■ Exercise instructions ■
Which lines run from the one with "Some of the text" through the end of the data? Retype them exactly, without pictures.

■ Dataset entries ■
■ ■ ■ ■ ■
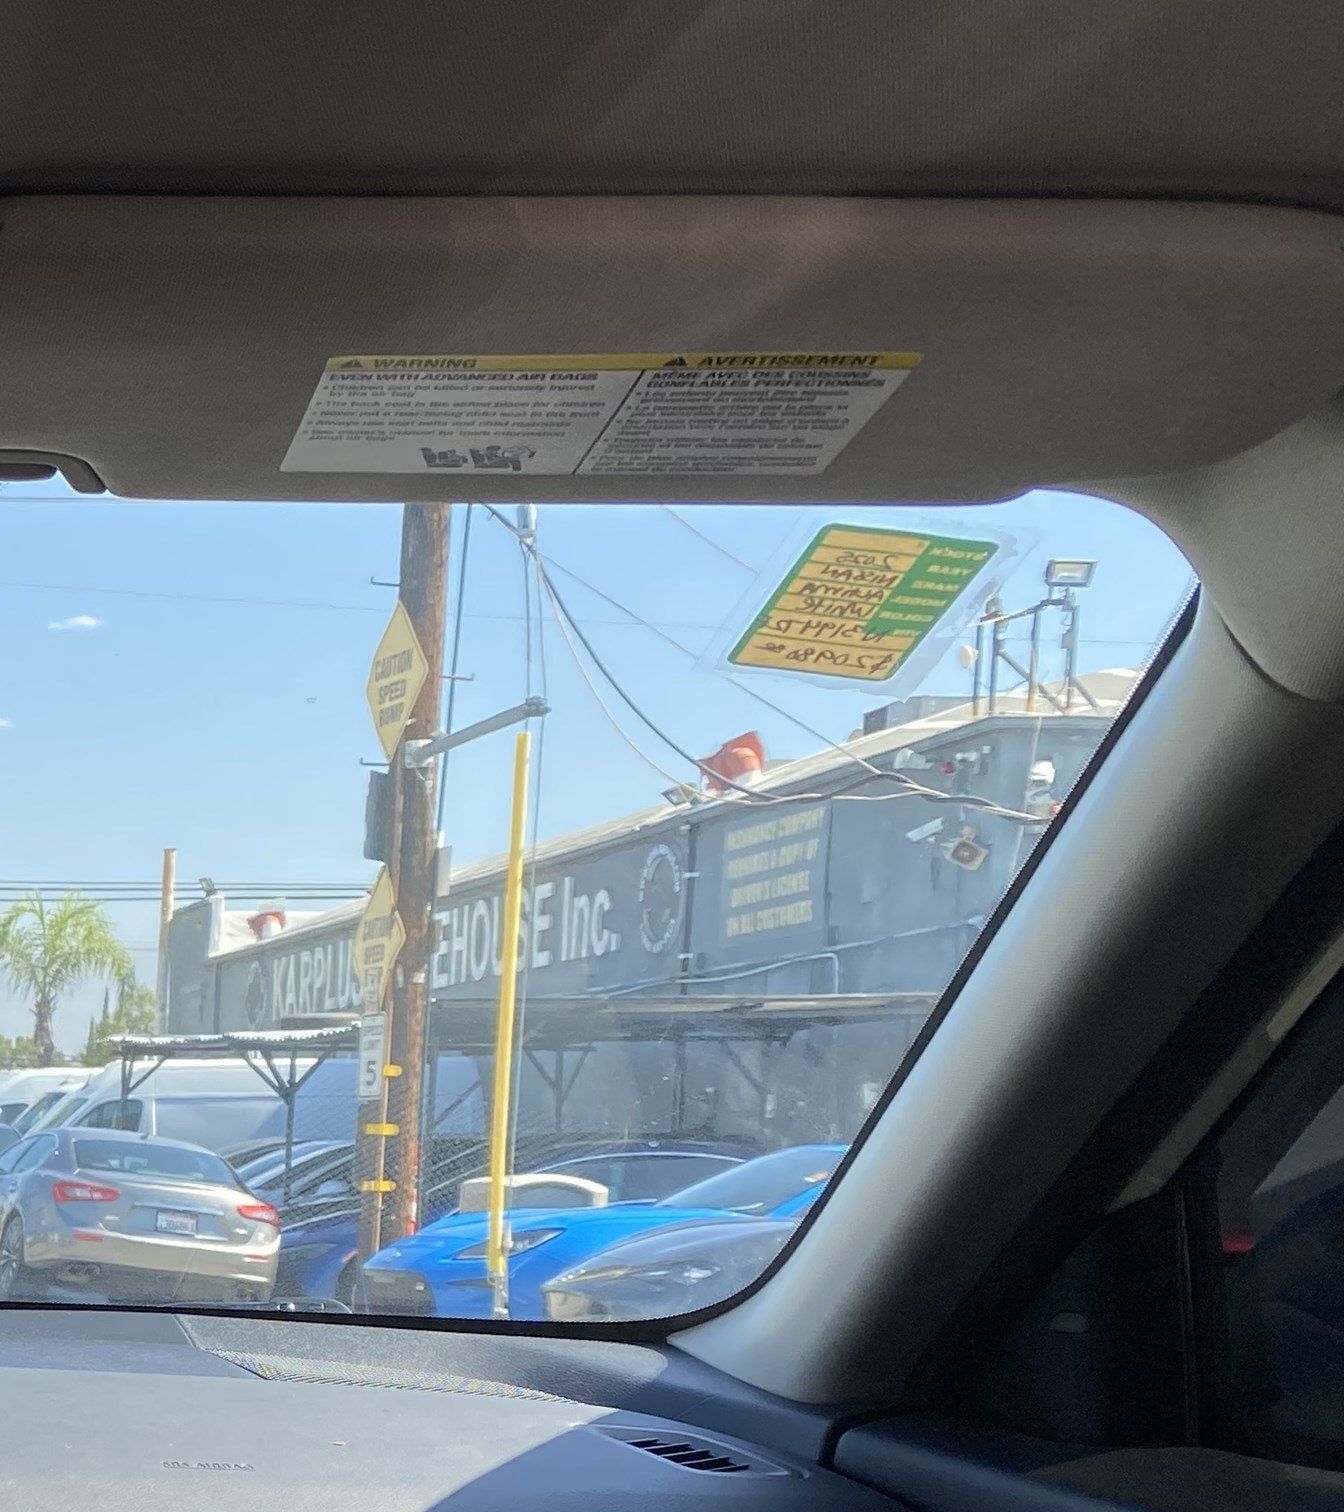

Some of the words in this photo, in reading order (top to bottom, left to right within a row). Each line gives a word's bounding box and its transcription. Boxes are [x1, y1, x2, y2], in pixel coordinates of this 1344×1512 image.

[374, 359, 478, 369] WARNING
[698, 355, 885, 367] AVERTISSEMENT
[374, 648, 414, 682] CAUTION
[378, 679, 407, 705] SPEED
[378, 702, 404, 728] BUMP
[561, 876, 622, 961] Inc.
[364, 943, 385, 965] SPEED
[365, 1060, 377, 1086] 5
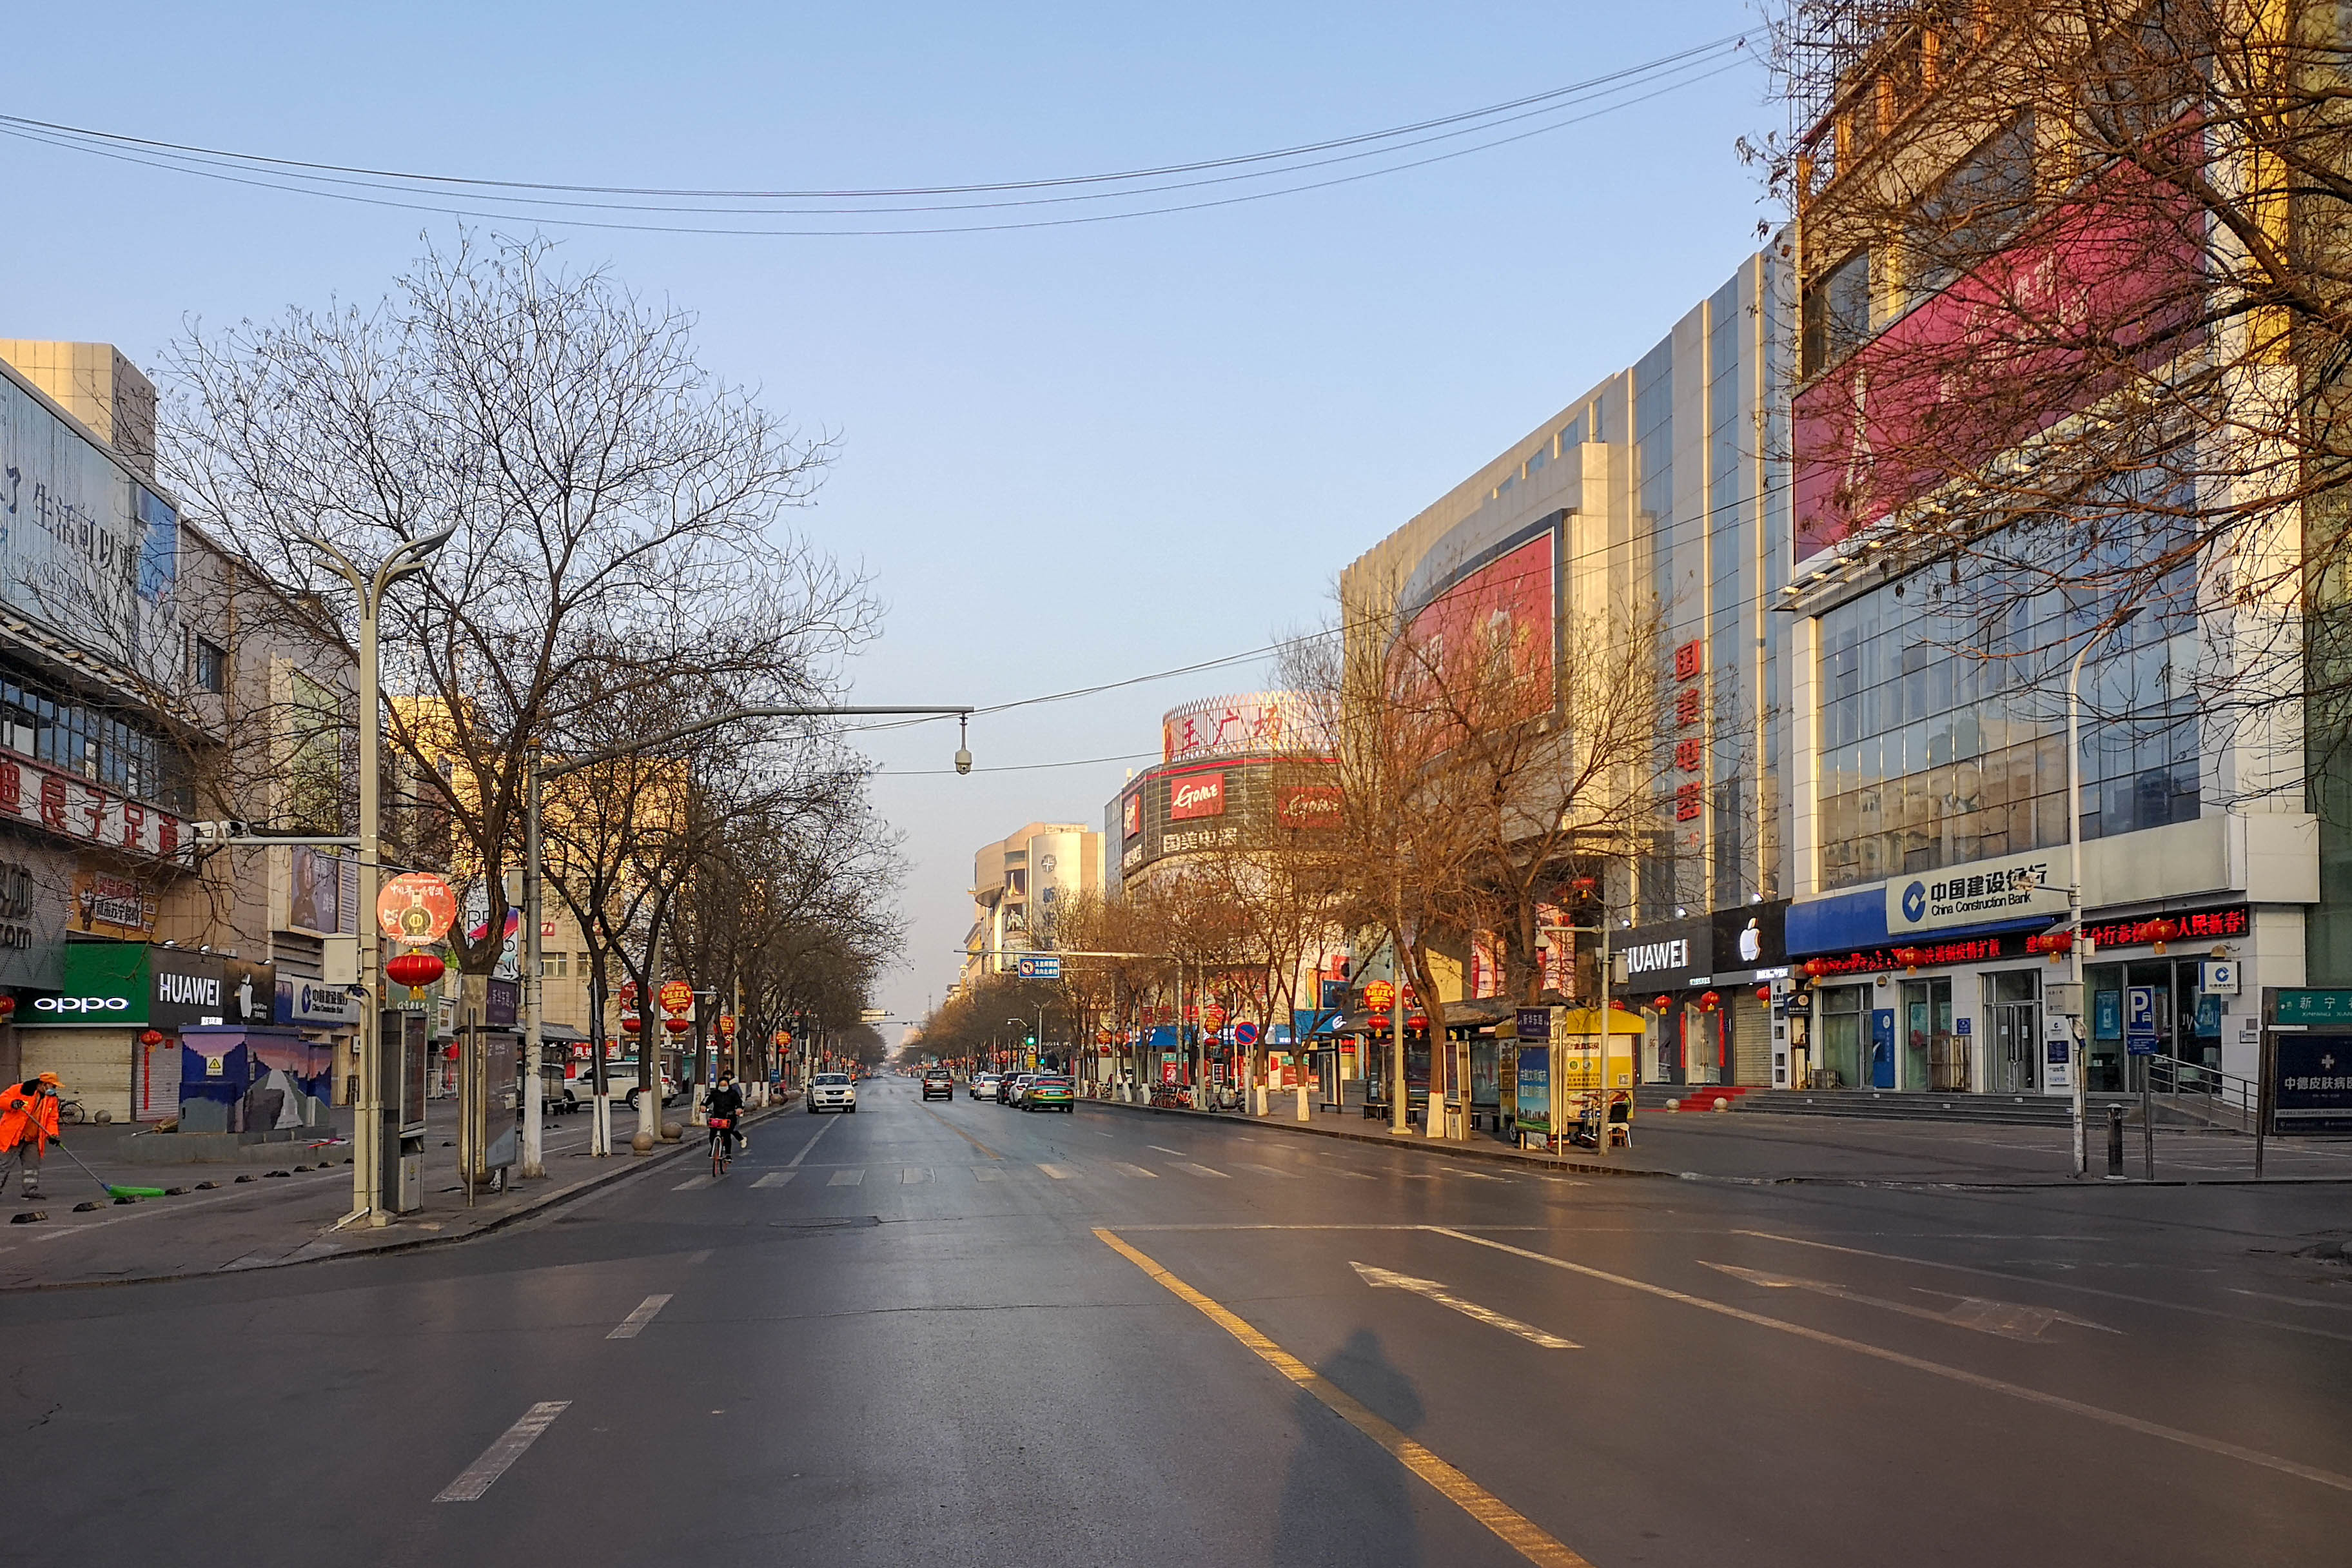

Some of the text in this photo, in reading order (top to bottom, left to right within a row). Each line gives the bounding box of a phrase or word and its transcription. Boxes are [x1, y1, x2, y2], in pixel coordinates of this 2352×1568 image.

[1676, 638, 1701, 822] 国美电器
[1163, 827, 1237, 852] 国美电器
[1932, 892, 2032, 916] China Construction Bank
[1622, 939, 1690, 974] HUAWEI
[160, 973, 219, 1006] HUAWEI
[2130, 991, 2148, 1023] P
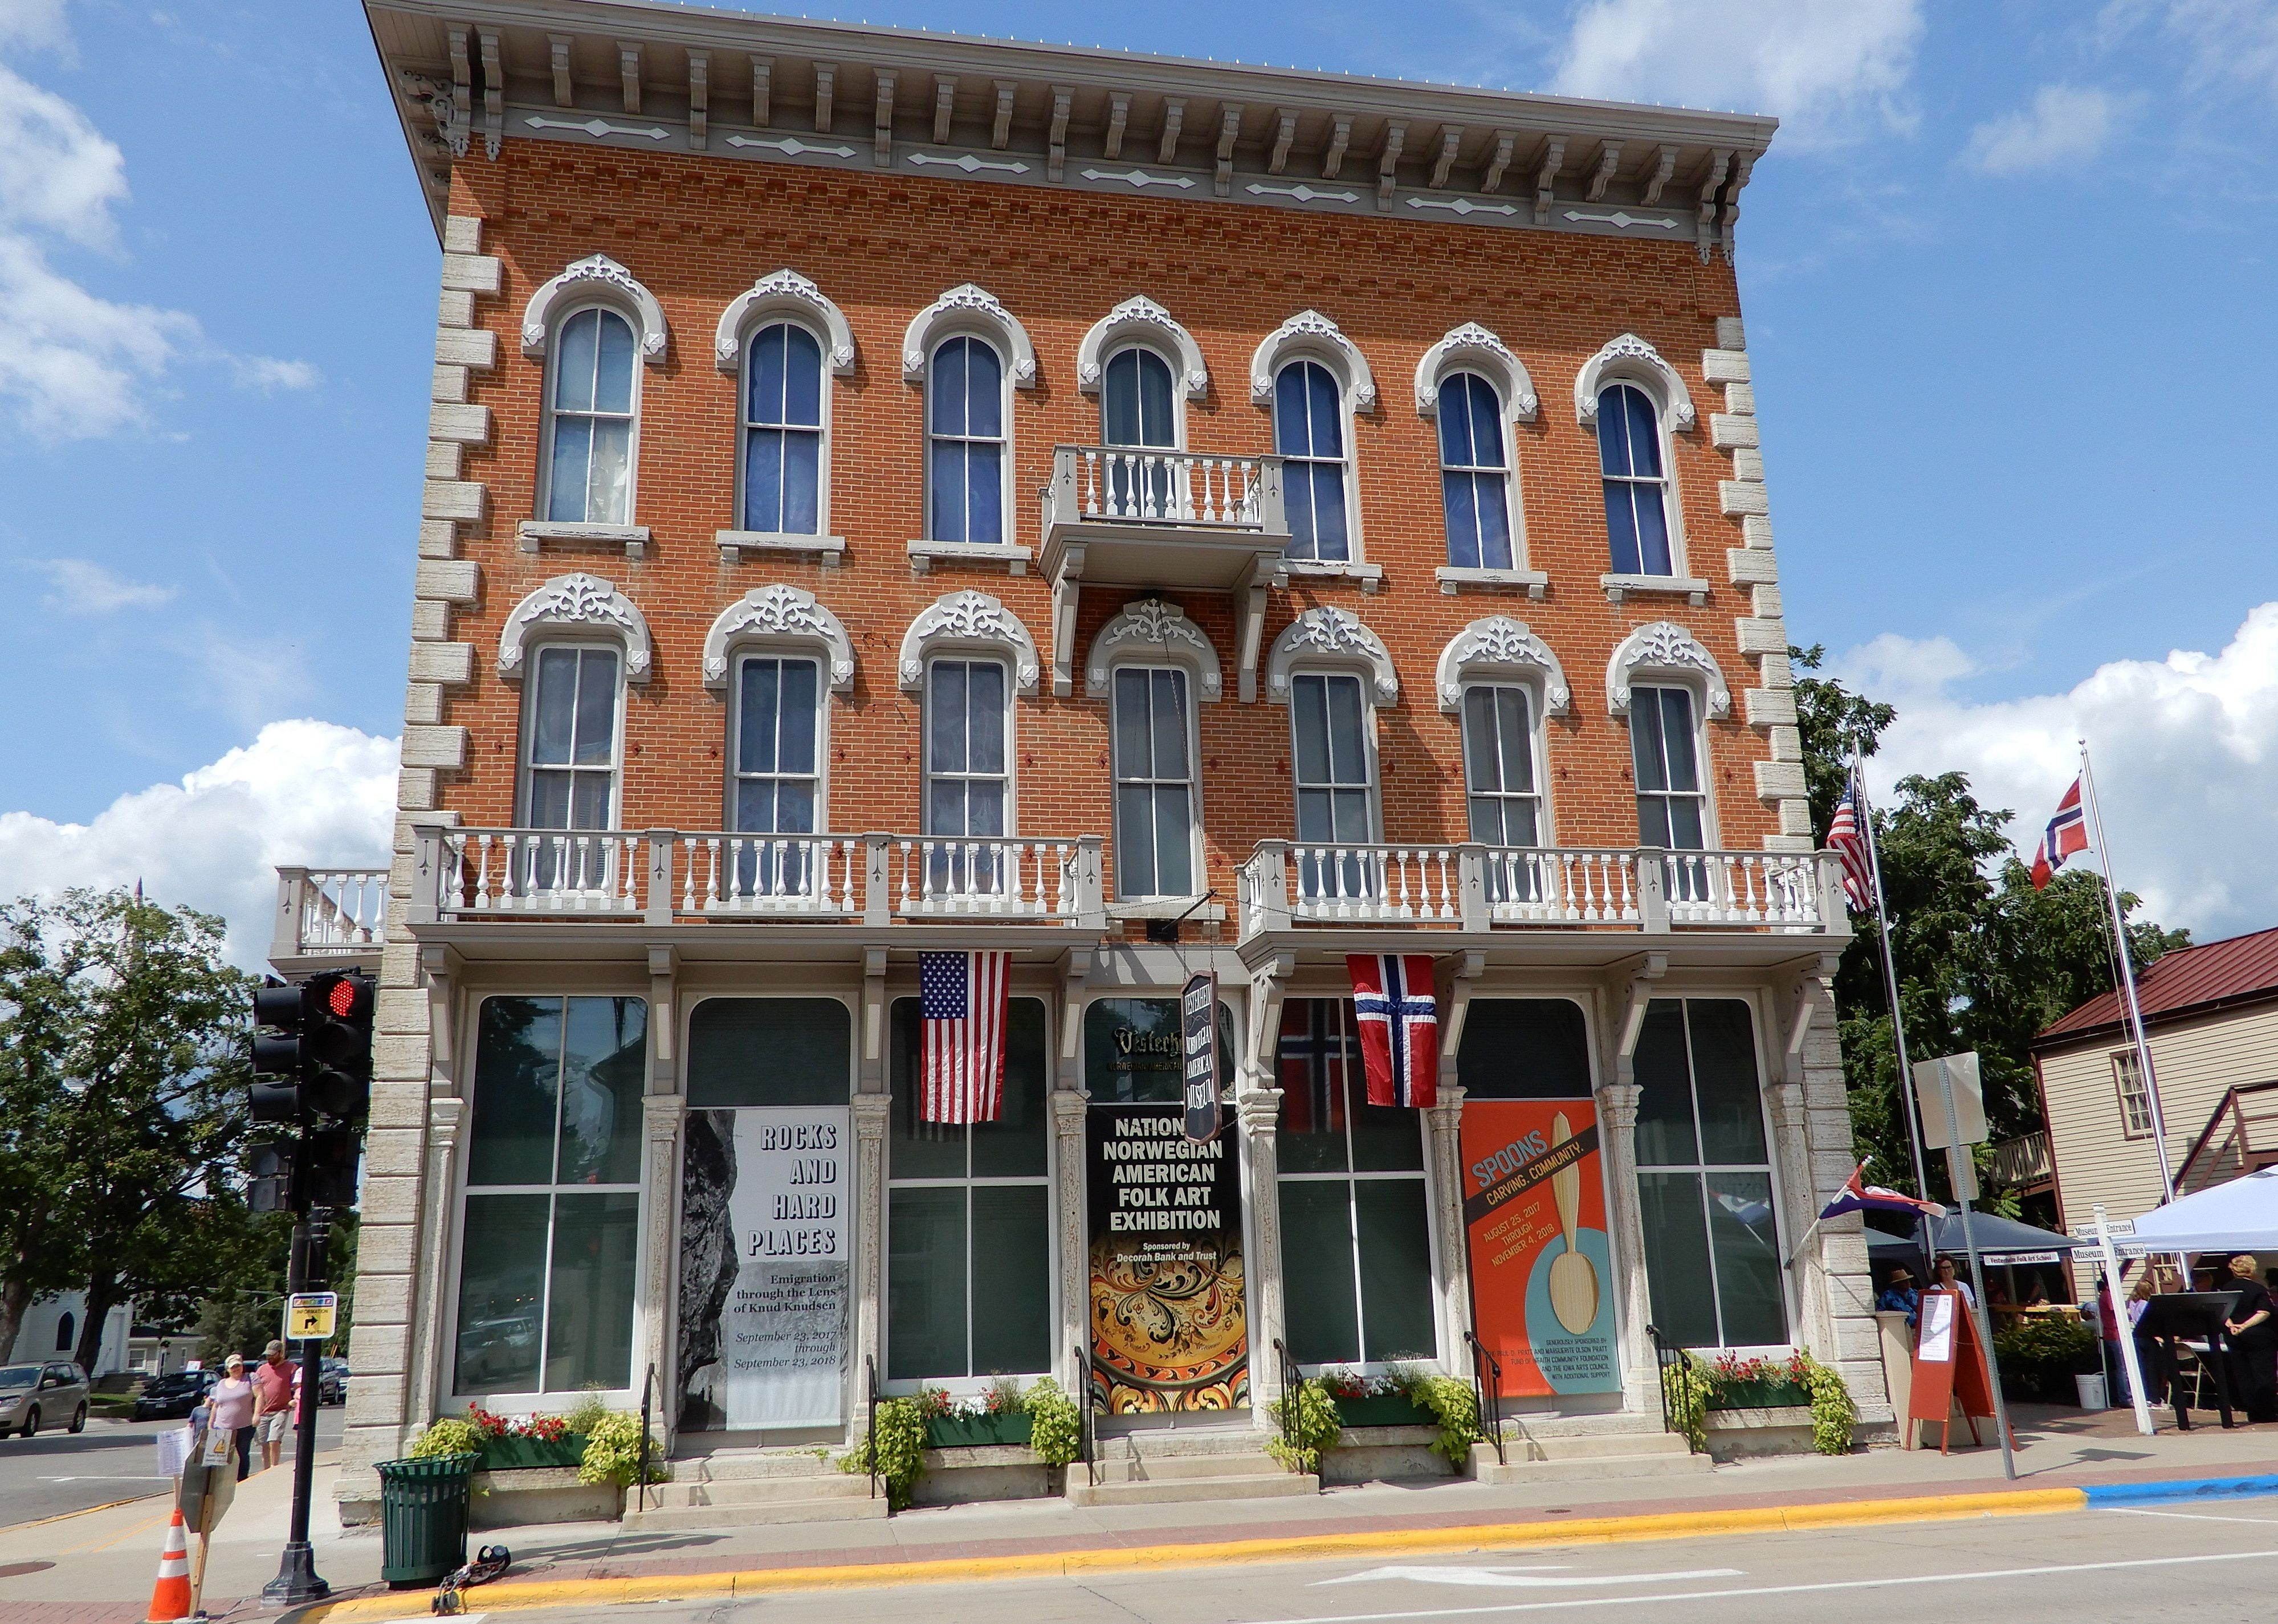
■ ■ ■ ■ ■
■ Answer section ■
Some of the text in this photo, in reading order (top to bottom, left to right within a row). Each line gives the bounding box of a phrase or word and its transcription. Boxes are [x1, y1, x2, y2], in pixel coordinates of this 2352×1568 image.

[1676, 638, 1701, 822] 国美电器
[1163, 827, 1237, 852] 国美电器
[1932, 892, 2032, 916] China Construction Bank
[1622, 939, 1690, 974] HUAWEI
[160, 973, 219, 1006] HUAWEI
[2130, 991, 2148, 1023] P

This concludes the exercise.